LARSON REPORT
NEWSLETTER

A Capitol Update from State Senator Chris Larson

Dear Wisconsin Neighbor,

As all eyes seem to be on Washington and the attempts undermine health care there, it's important to keep an eye on our own state Capitol where Republicans can't find agreement on a different major bill that has huge implications: the 2017-2019 state budget.

Under Wisconsin law, our state biennial budget must be enacted by July 1 on odd-numbered years. If you've been following the budget process, you are likely aware the Senate and Assembly GOP continue closed door meetings on what will be in the budget, making it unlikely they will meet the statutory deadline of tomorrow at Midnight.

One portion of our state budget that appears to have Republicans at an impasse is how much our state should invest in our kids and their future. Since being elected to the Senate in 2010, I have made supporting our children's future by investing in our local public schools my top priority. Serving as the ranking Democrat on the Senate Education Committee, I continue to push for a better deal for our kids than the one they've been getting these last seven years.

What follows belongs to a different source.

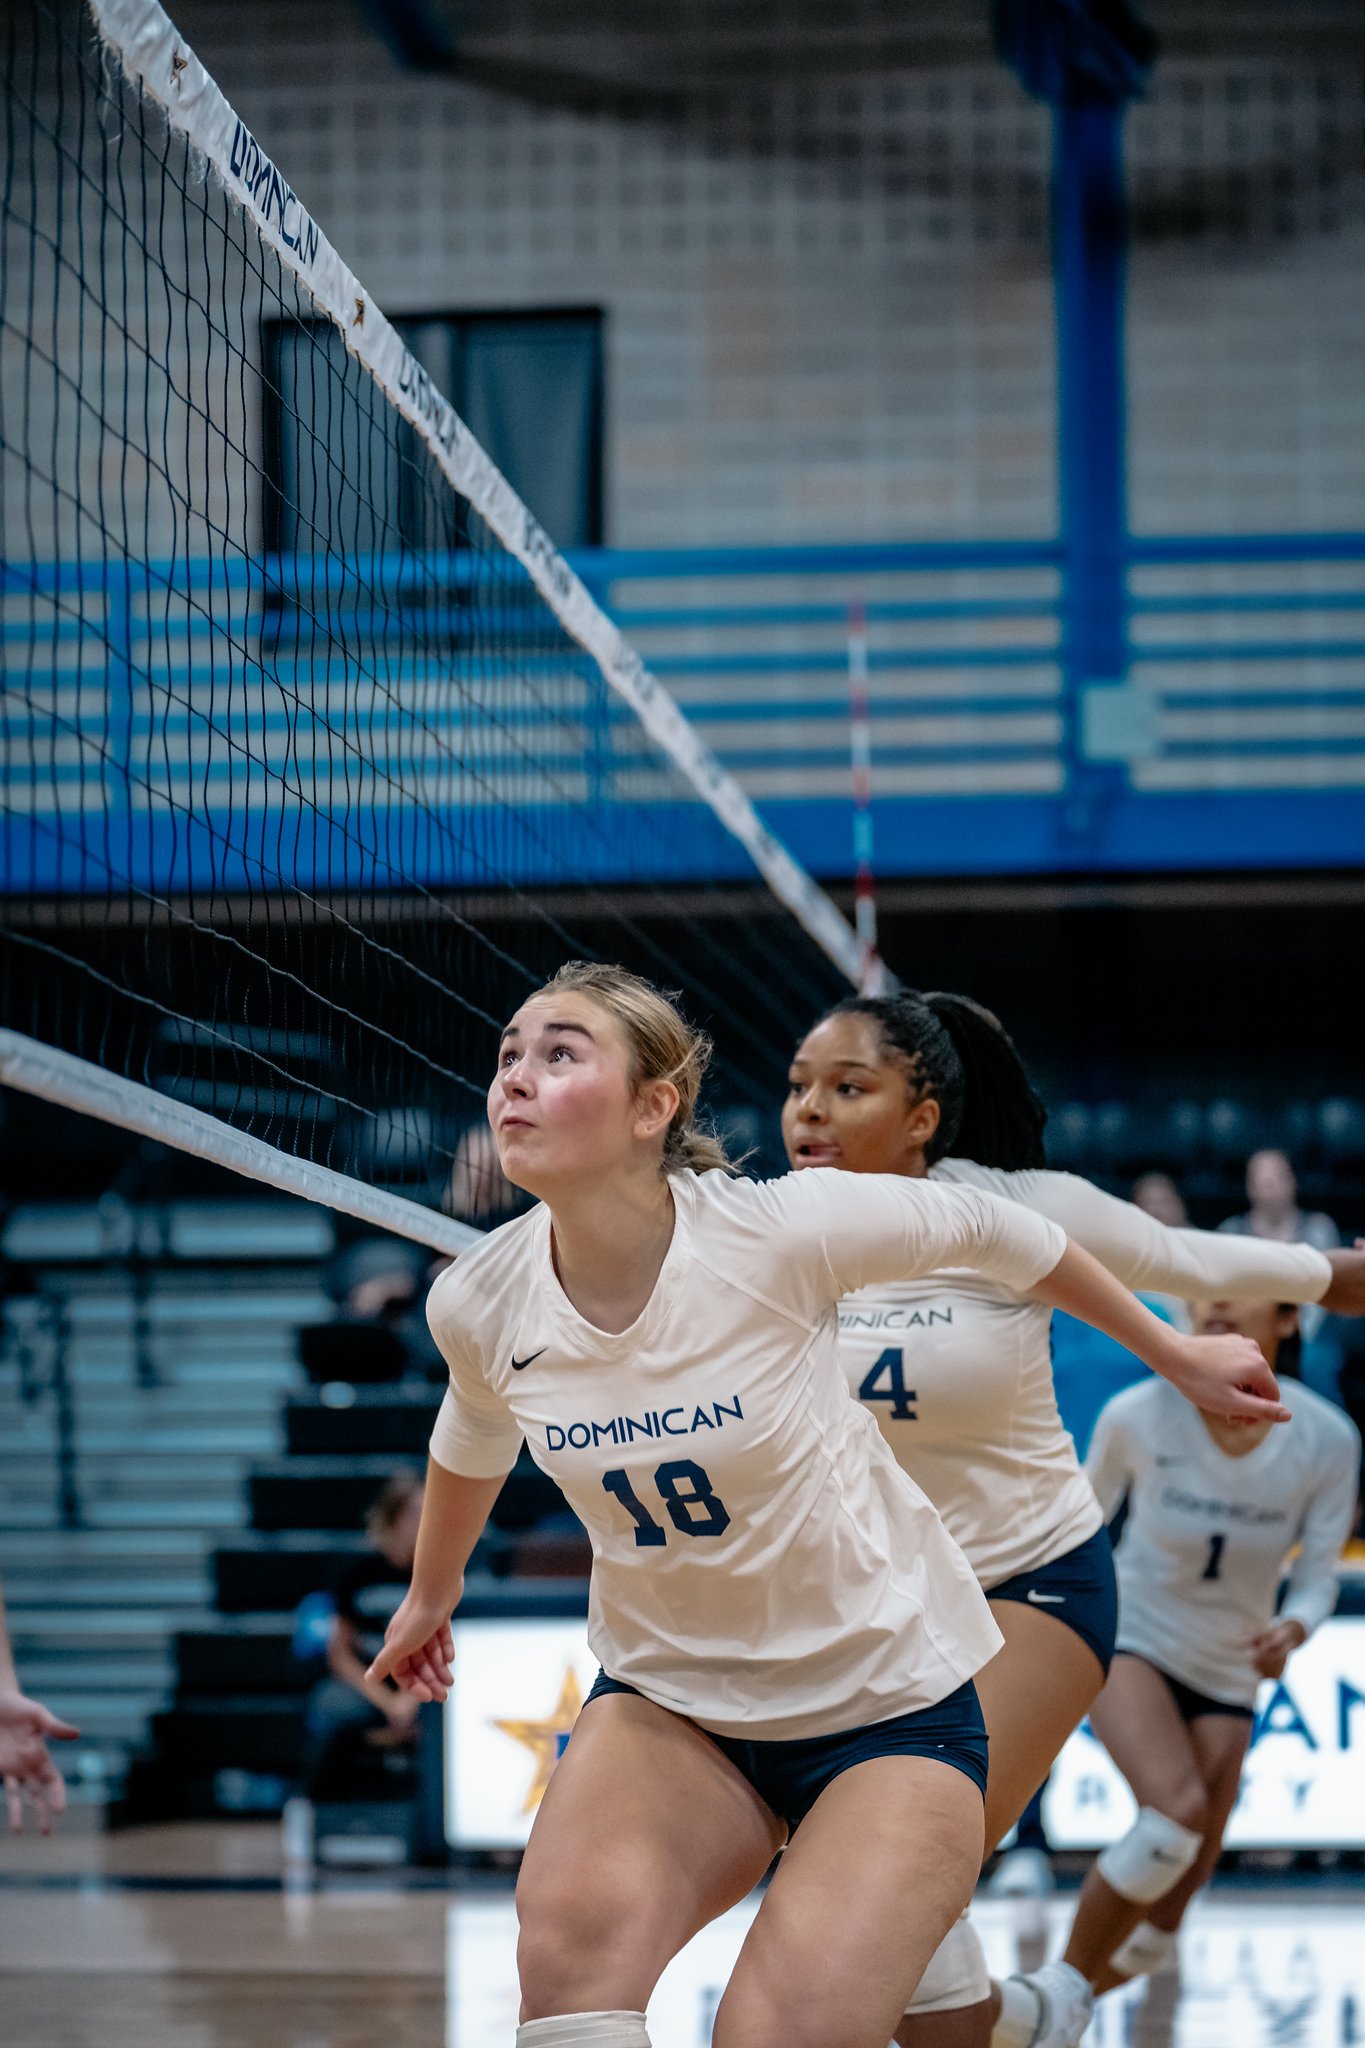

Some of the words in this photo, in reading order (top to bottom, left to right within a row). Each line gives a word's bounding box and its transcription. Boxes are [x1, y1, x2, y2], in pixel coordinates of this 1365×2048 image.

[858, 1347, 918, 1420] 4
[545, 1395, 744, 1451] DOMINICAN
[601, 1459, 731, 1546] 18
[1203, 1533, 1225, 1580] 1

This week's Larson Report will provide an update on the Democratic vision for supporting our schools and kids. In addition, We'll recap some of the education proposals I've been championing already this session, and ones that I will be introducing as session continues.

 

In Service,



Chris Larson
State Senator, District 7
 

 

State Budget Must Invest in our Kids

How we choose to invest in our children is one of the most important and critical parts of our state budget. Each and every one of our kids deserves a school that is fully able to meet their needs, but Walker and legislative Republicans have failed in this task and have instead focused on shifting more tax dollars to private, unaccountable voucher schools.

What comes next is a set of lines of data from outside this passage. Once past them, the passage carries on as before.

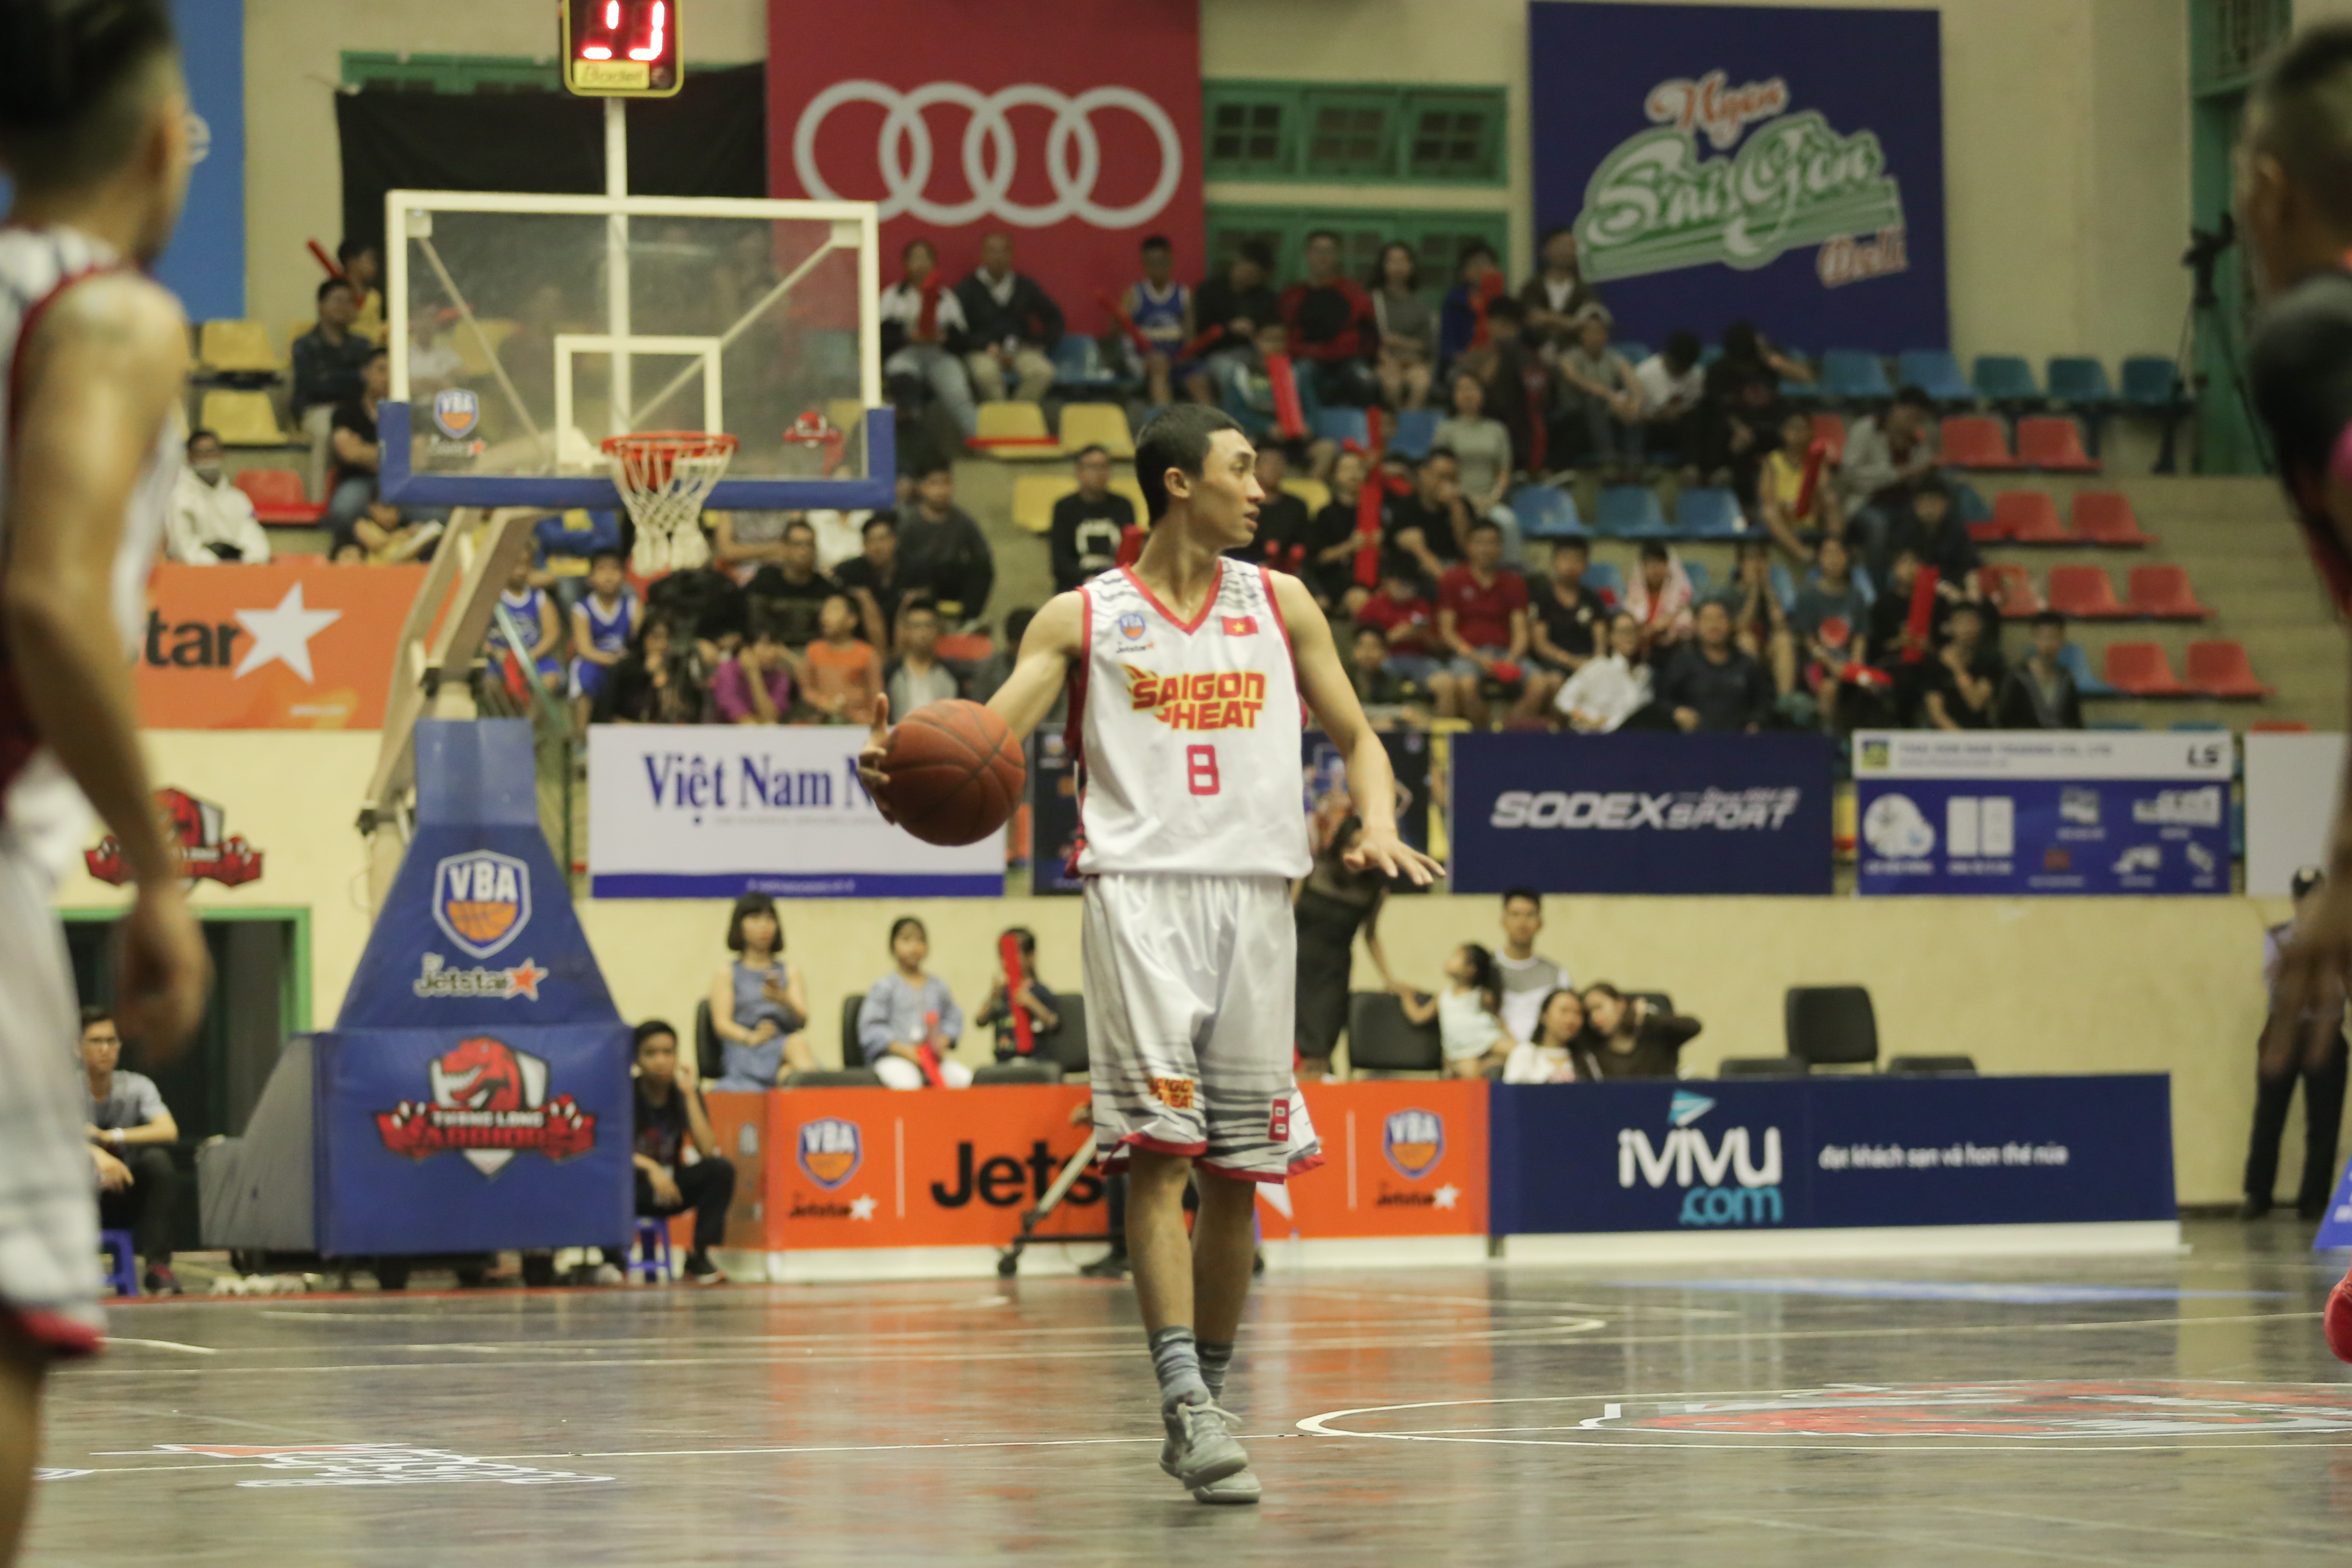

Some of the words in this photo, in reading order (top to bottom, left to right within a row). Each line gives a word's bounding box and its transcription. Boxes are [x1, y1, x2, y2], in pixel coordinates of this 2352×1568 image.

[145, 609, 241, 669] tar
[1132, 671, 1266, 711] SAIGON
[1170, 701, 1263, 730] HEAT
[1187, 744, 1220, 795] 8
[644, 753, 725, 826] Việt
[740, 756, 833, 808] Nam
[1491, 791, 1674, 830] SODEX
[447, 861, 519, 903] VBA
[415, 968, 508, 996] Jetstar
[803, 1121, 856, 1153] VBA
[1268, 1098, 1289, 1141] 8
[1388, 1110, 1439, 1142] VBA
[1679, 1185, 1783, 1224] .com

I strongly believe one of core pillars of what makes Wisconsin a great state is our dedication to a great education system, where every child has access to a quality education. It's such a part of who we are that it's actually in our state Constitution. Wisconsin must renew this value of supporting our local public schools, as it is crucial to strengthening our communities and state. Having strong neighborhood schools benefits everyone. Our kids will have more opportunities to live to their full potential. Even those who don't have children or whose children are grown enjoy the benefits of higher property values and community prosperity that come with having quality local public schools.

With Republicans at an impasse on the state budget that has a looming deadline, my Democratic colleagues on the Joint Finance Committee released a K-12 education plan that invests more than the governor's proposal and lowers property taxes by almost $25 million.

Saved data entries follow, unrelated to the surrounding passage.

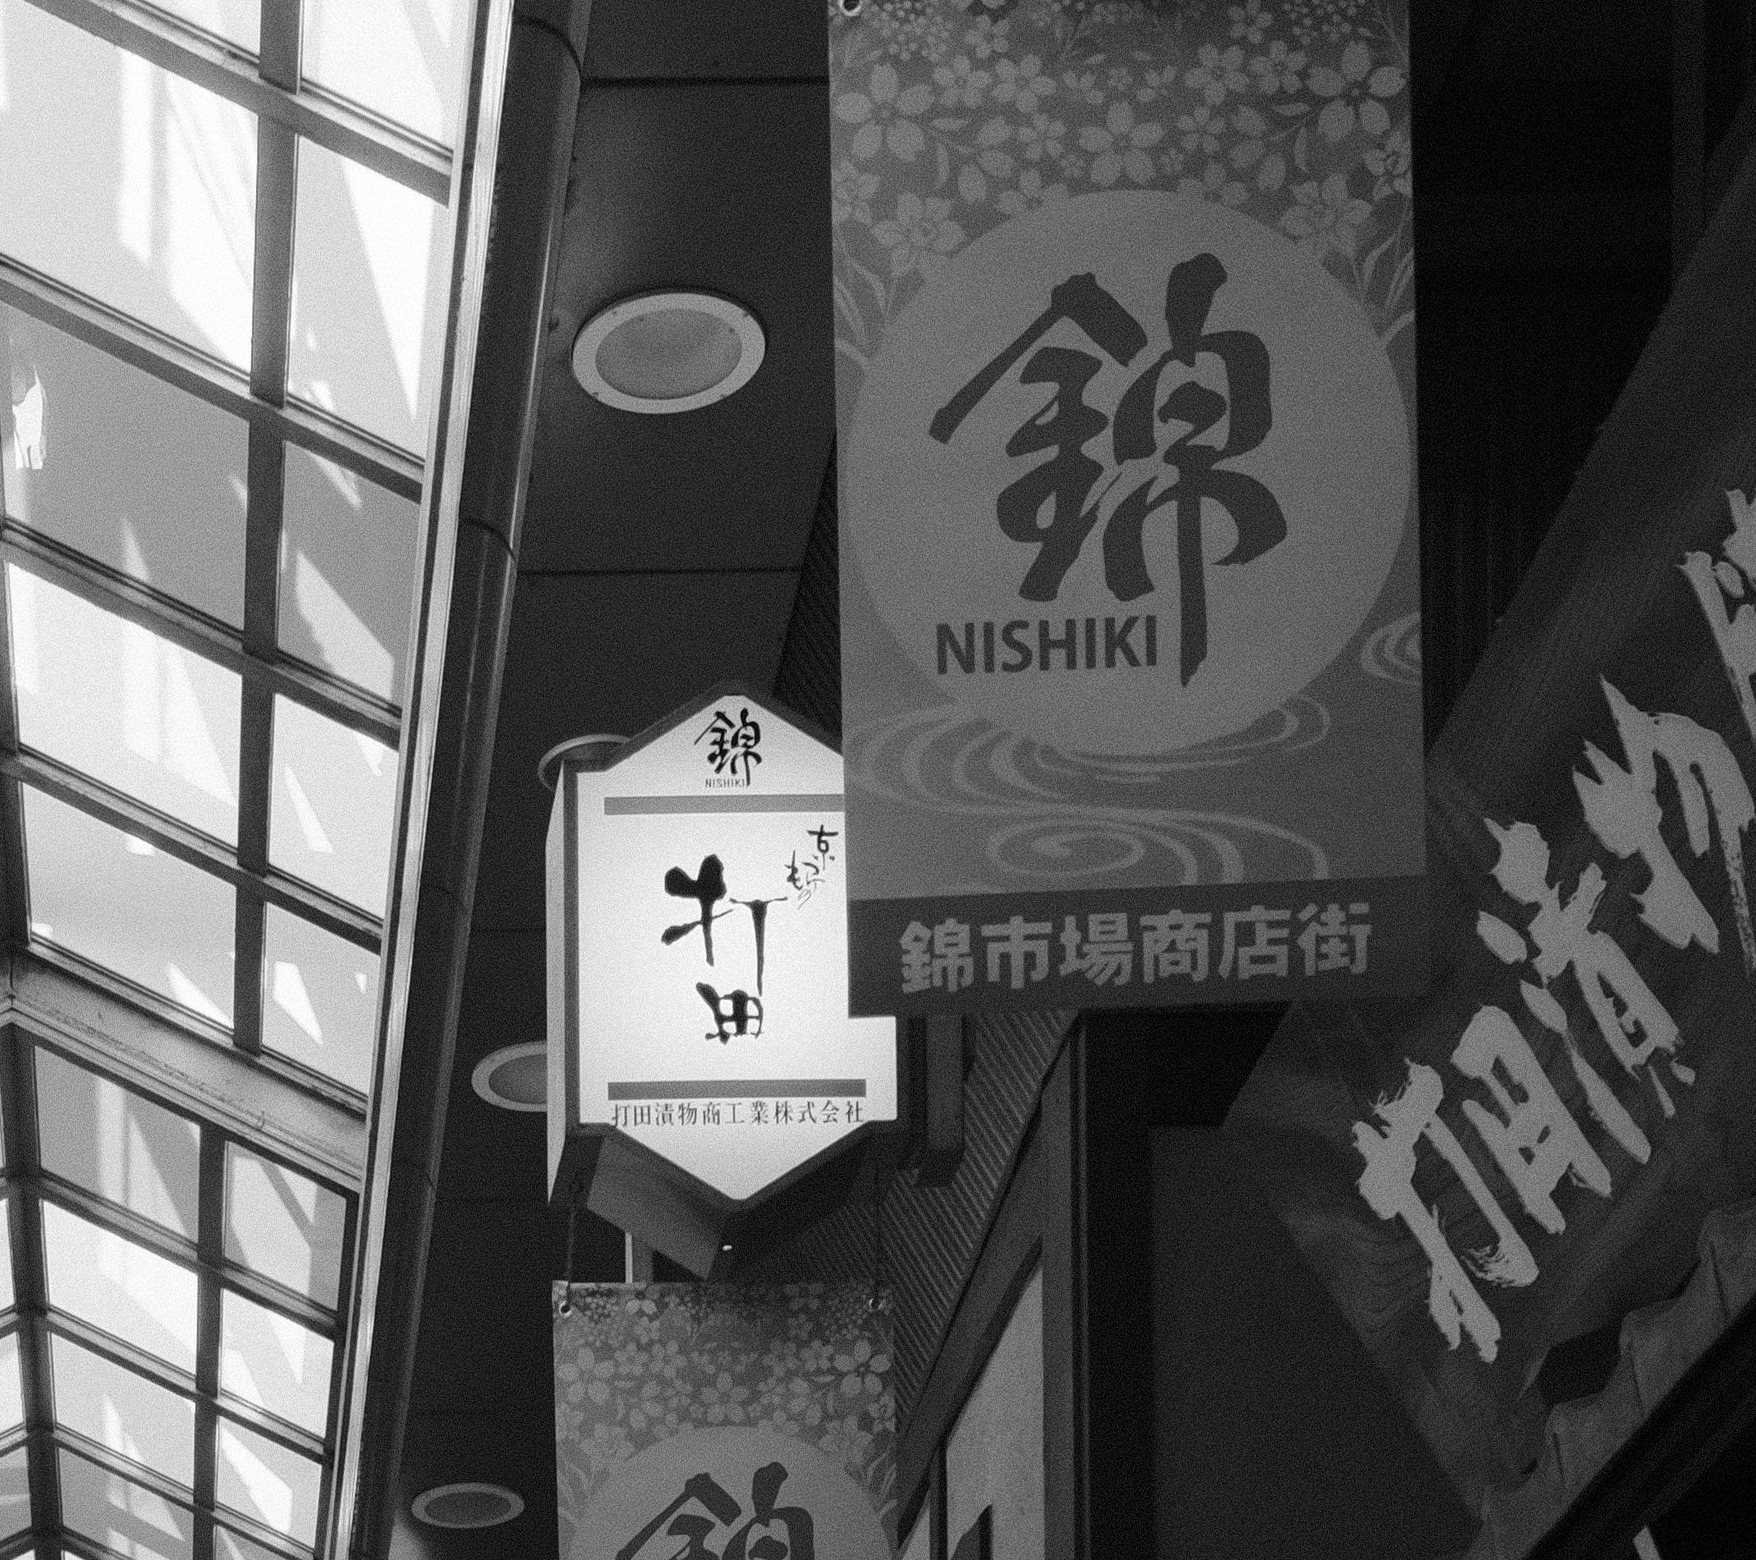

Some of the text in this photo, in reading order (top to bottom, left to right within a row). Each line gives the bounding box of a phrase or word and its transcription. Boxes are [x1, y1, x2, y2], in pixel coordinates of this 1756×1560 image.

[929, 252, 1288, 688] 錦
[936, 614, 1157, 677] NISHIKI
[695, 708, 763, 785] 錦
[704, 777, 747, 789] NISHIKI
[661, 855, 789, 1045] 打田
[899, 904, 1371, 995] 錦市場商店街
[610, 1101, 863, 1127] 打田漬物商工業株式会社

All of our children deserve a quality education. In order to achieve this goal, our schools must be a priority and be adequately and fairly funded. I'm proud to stand with my colleagues in standing up for our kids and fighting for their future.

The Dem education plan:

  • Puts an additional $514 million in the general aid formula, while implementing State Superintendent of Public Instruction Tony Evers' Fair Funding proposal, and ensures equal treatment of all districts.
     
  • Reduces property taxes statewide by increasing state support for schools. Compared to the governor's plan, Dem plan cuts property taxes by $25 million more.
     
  • Retains the $200/$204 per pupil aid increases for all districts.
     
  • Restores funding lost under Republican restrictions on low-spending districts in 2011, and increases funding for historically low spending districts beyond the Assembly Republican K-12 budget proposal.
     
  • Increases special education funding for the first time in nearly a decade by close to $90 million.
     
  • Restores $500 million in local revenue authority so districts can use the increased state funding for actual classroom instruction.
     
  • Allows local taxpayers to decide via referendum if they want local tax dollars shifted to unaccountable voucher schools.
     
  • Allows local communities to put in place school safety plans, save tax dollars with energy efficient projects, and combat alcohol and other drug abuse outside of spending limits.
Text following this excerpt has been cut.